The Safe School-based Enforcement through Collaboration, Understanding, and Respect (SECURe) rubrics were created through a partnership of the United States Department of Education and Department of Justice. SECURe provides plans for initiating or improving SRO/law enforcement relationships with schools.[1]

SECURe identifies five action items for schools and law enforcement agencies to collaborate:

  1. "Create sustainable partnerships and formalize Memorandum of Understandings (MOUs) among school districts, local law enforcement agencies, juvenile justice entities, and civil rights and community stakeholders.
  2. Ensure that MOUs meet constitutional and statutory civil rights requirements.
  3. Recruit and hire effective SROs and school personnel.
  4. Keep SROs and school personnel well trained.
  5. Continually evaluate SROs and school personnel, and recognize good performance."[1]



In the 2015–16 school year, the following percentages of schools reported having one or more SROs at their school at least once per week:[13]

  • 77% of schools with 1000 or more students
  • 47% of schools with 500–999 students
  • 36% of schools with 300–499 students
  • 24% of schools with fewer than 300 students

Overall, 42% of public schools host an SRO and an additional 10.9% host a sworn law enforcement officer, as of 2016. In towns (defined as a territory within an urban cluster) have the highest concentration of SROs as 57% of schools in towns host at least one SRO. This is compared to 45% of suburban schools and 36% of city schools. Almost a third of public schools that host an SRO are more than 80% black, while less than 42% of the schools that host an SRO are majority white. The majority of large schools in the US have some sort of security staff present.

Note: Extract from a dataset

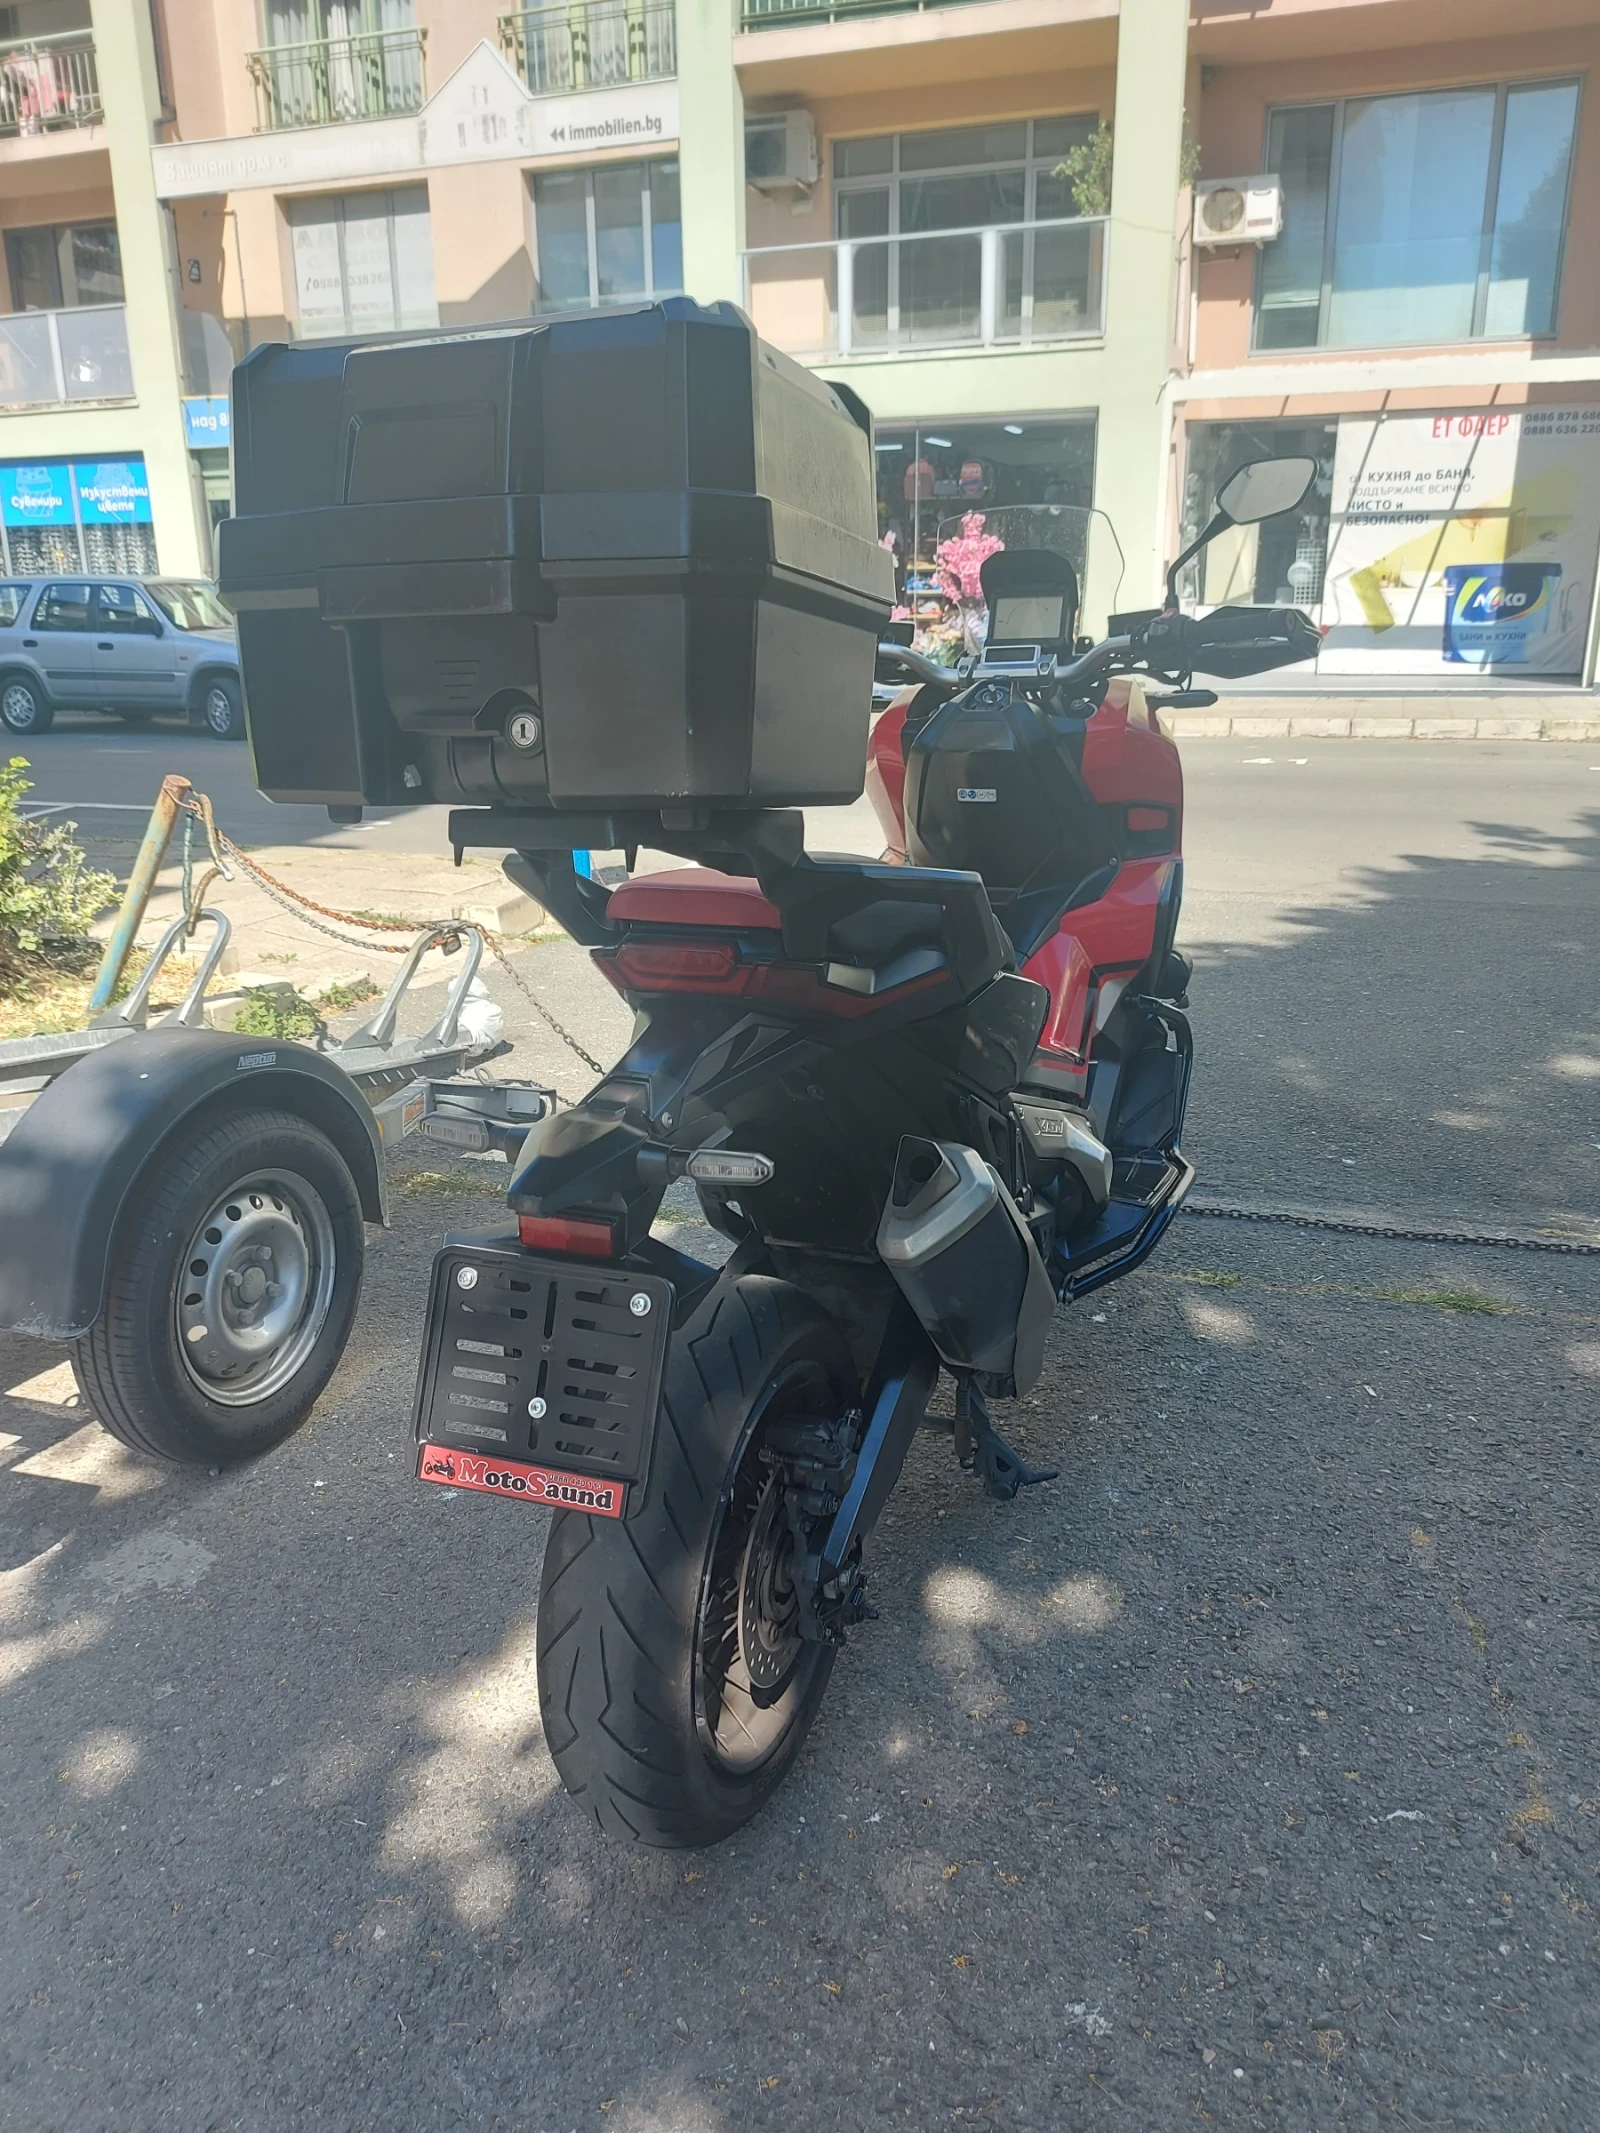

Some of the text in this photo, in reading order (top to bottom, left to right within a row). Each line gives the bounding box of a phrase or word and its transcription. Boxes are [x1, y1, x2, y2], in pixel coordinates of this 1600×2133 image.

Juvenile crime reduction[edit]

It is difficult to tell if the presence of SROs is having an impact on the prevalence of crime in schools and communities, likely because it is difficult to show a causal relationship between the presence of law enforcement and crime rates. For example, in a 2018 study that compared Kentucky high schools that hosted an SRO to Kentucky high schools that did not, there was no statistically significant relationship between reported criminal violation rates and the presence of an SRO.[14] However, a 2013 study that analyzed data across the United States found that schools that increase their use of police see an increase in reported crime.[15] This conclusion aligns more closely with intuition because one of the stated goals of SROs is to develop better relationships between students, staff, and police officers which could mean that students and staff would be more comfortable reporting criminal activity to an officer.

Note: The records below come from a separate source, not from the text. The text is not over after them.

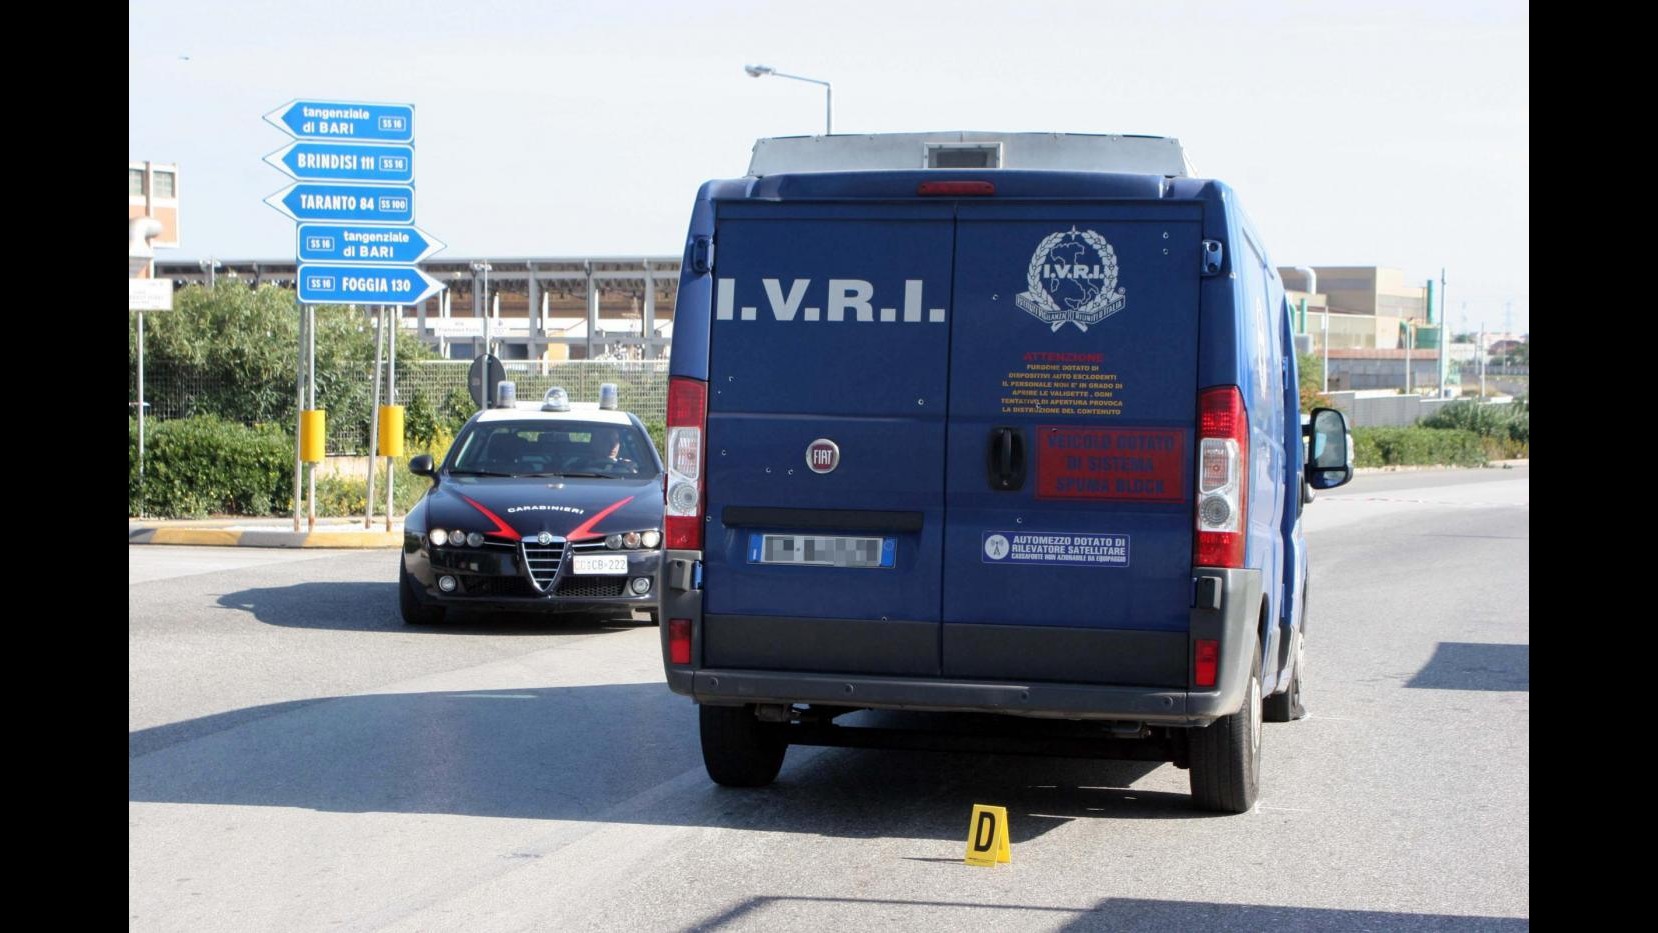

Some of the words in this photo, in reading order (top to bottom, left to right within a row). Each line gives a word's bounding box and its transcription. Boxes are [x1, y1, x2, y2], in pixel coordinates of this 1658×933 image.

[303, 106, 369, 120] tangenziale
[303, 122, 315, 133] di
[319, 122, 354, 135] BARI
[382, 119, 392, 129] SS
[393, 119, 402, 129] 16
[297, 153, 357, 170] BRINDISI
[361, 156, 375, 170] 111
[383, 159, 393, 169] SS
[394, 160, 403, 169] 16
[301, 194, 356, 211] TARANTO
[360, 197, 375, 211] 84
[380, 200, 390, 209] SS
[391, 200, 406, 210] 100
[311, 239, 320, 249] SS
[321, 239, 331, 249] 16
[343, 231, 409, 244] tangenziale
[343, 246, 355, 257] di
[359, 246, 394, 258] BARI
[1043, 264, 1104, 279] I.V.R.I.
[311, 279, 321, 288] SS
[322, 279, 331, 288] 16
[342, 277, 388, 292] FOGGIA
[391, 279, 411, 292] 130
[716, 277, 946, 323] I.V.R.I.
[1047, 433, 1112, 450] VEICOLO
[1116, 434, 1174, 451] DOTATO
[813, 449, 832, 465] FIAT
[1066, 456, 1083, 471] DI
[1088, 456, 1154, 472] SISTEMA
[1056, 477, 1110, 493] SPUMA
[1115, 479, 1165, 494] BLOCK
[507, 505, 585, 515] CARABINIERI
[1013, 535, 1071, 545] AUTOMEZZO
[1073, 536, 1113, 546] DOTATO
[1115, 538, 1125, 547] DI
[1011, 544, 1066, 554] RILEVATORE
[1068, 545, 1126, 556] SATELLITARE
[974, 811, 996, 852] D

A 2012 report from the National Association of School Resource Officers sites national statistics that show a general decrease in juvenile crime and the violent-crime index since the early 2000s, when SROs became especially prominent in schools.[16] They support this claim with a 2009 study that finds that "when the results were controlled for economic disadvantage, the presence of an SRO led to a 52.3% decrease in the arrest rate for assaults and a 72.9% decrease in arrests involving possession of a weapon on school property."[17] While this is true, having an SRO in the school also significantly increases the arrest rate for disorderly conduct, even when controlling for school poverty, a more subjective charge that relies considerably on the discretion of the arresting officer, as opposed to something like an assault or weapons charge that it much more objective. This result lends itself to the idea that the presence of an SRO may increase the criminalization of behaviors that could have been addressed in other ways. Further, the decrease in arrests for assault and weapon possession could be from a result of students avoiding the SROs and taking these activities off campus, not necessarily the result of them failing to commit these crimes at all. In another article, James Swift also refers to the report prepared by the Justice Policy Institute. His writing further indicates that the presence of school resource officers does not lead to a reduction in crime.[18]

This is a similar problem with associating the presence of SROs with the decline in crime rates, overall. There are too many contributing factors to the occurrence of crime to draw a causal relationship between the presence of law enforcement and the crime rate.

There are methodological challenges in thwarted crimes. There are hundreds of examples of serious intercepted plots throughout the US that SROs played an active role in helping to mitigate. The role will continue to be controversial because those stories never make the papers so credit goes ungiven. {source Echos of Columbine, FBI}

Teaching and mentorship[edit]

A 2017 study combined crime data from the U.S. Department of Education and interviews with 20 SROs to better understand how officers are spending their time between teaching, mentorship, and law enforcement.[19] Overall, the study finds that while 75% of SROs perform law enforcement functions, only about half of SROs perform teaching or mentorship functions. The performance of these functions were also different based on the racial make-up and socio-economic status of the students at the schools. For example, at schools with students of lower socio-economic statuses, while SROs engaged in more mentorship than at schools with wealthier students, they also were more involved in school discipline and implemented more laws than at wealthier schools. The findings also indicated that SROs perform more law enforcement functions as the percentage of white students increase.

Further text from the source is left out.